**INSTRUCTIONS TO FOLLOW:** Your task is to output the listing word for word, with pictures excluded.
- - - -
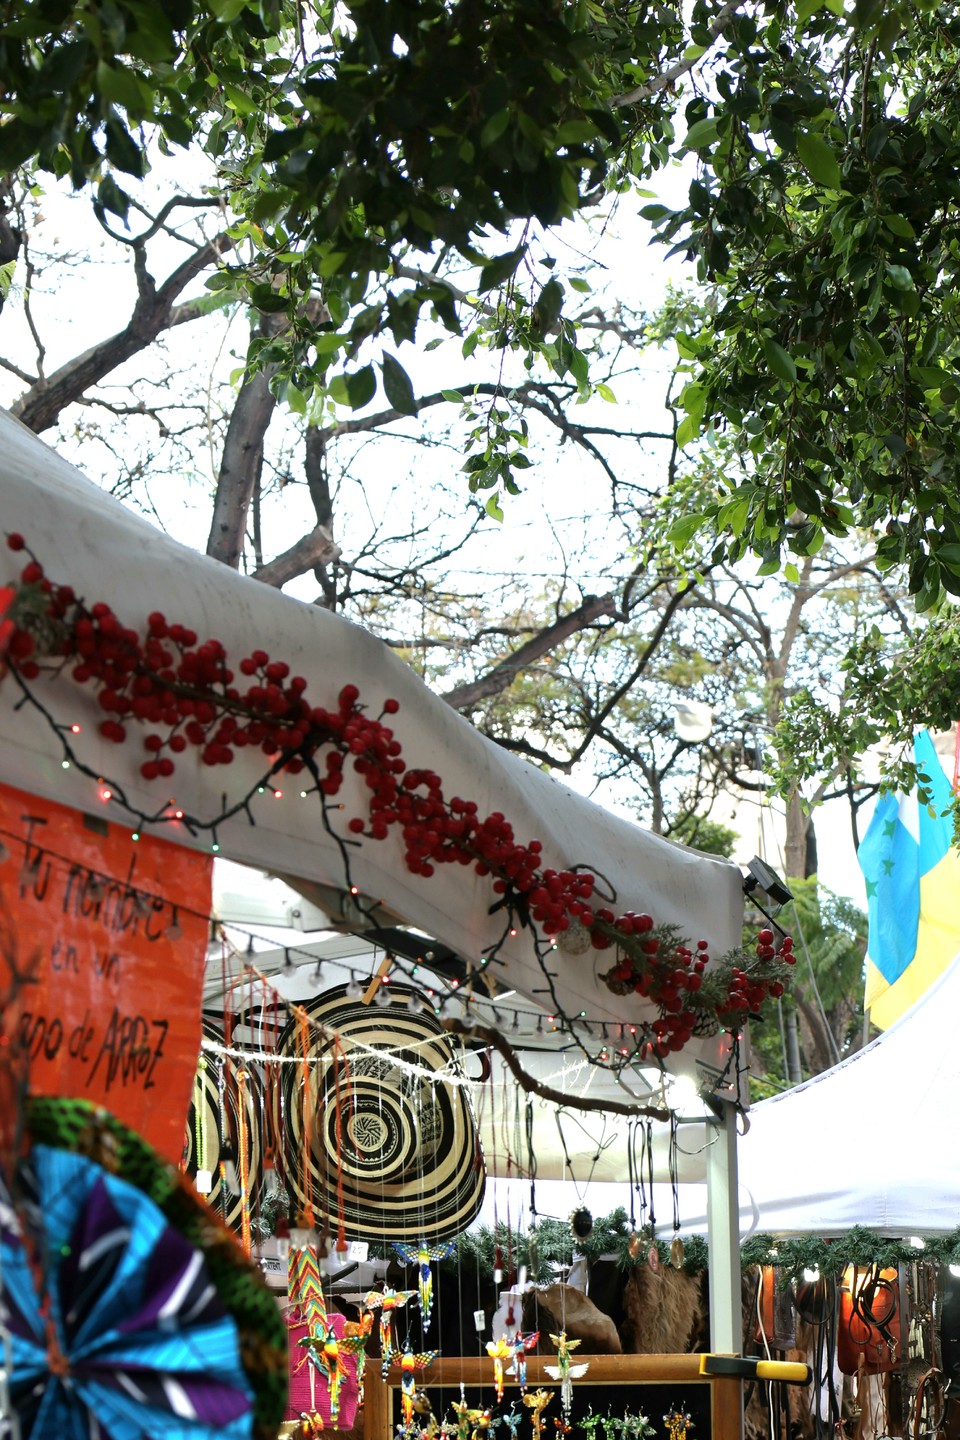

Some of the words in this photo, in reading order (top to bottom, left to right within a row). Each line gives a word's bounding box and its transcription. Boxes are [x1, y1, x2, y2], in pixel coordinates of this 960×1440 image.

[20, 815, 52, 901] Tu
[63, 852, 164, 942] nombre
[52, 939, 79, 974] en
[69, 1009, 95, 1063] de
- - - -
**SOLUTION:**
Some of the words in this photo, in reading order (top to bottom, left to right within a row). Each line gives a word's bounding box and its transcription. Boxes are [x1, y1, x2, y2], in pixel coordinates of this 960×1440 image.

[20, 815, 52, 901] Tu
[63, 852, 164, 942] nombre
[52, 939, 79, 974] en
[69, 1009, 95, 1063] de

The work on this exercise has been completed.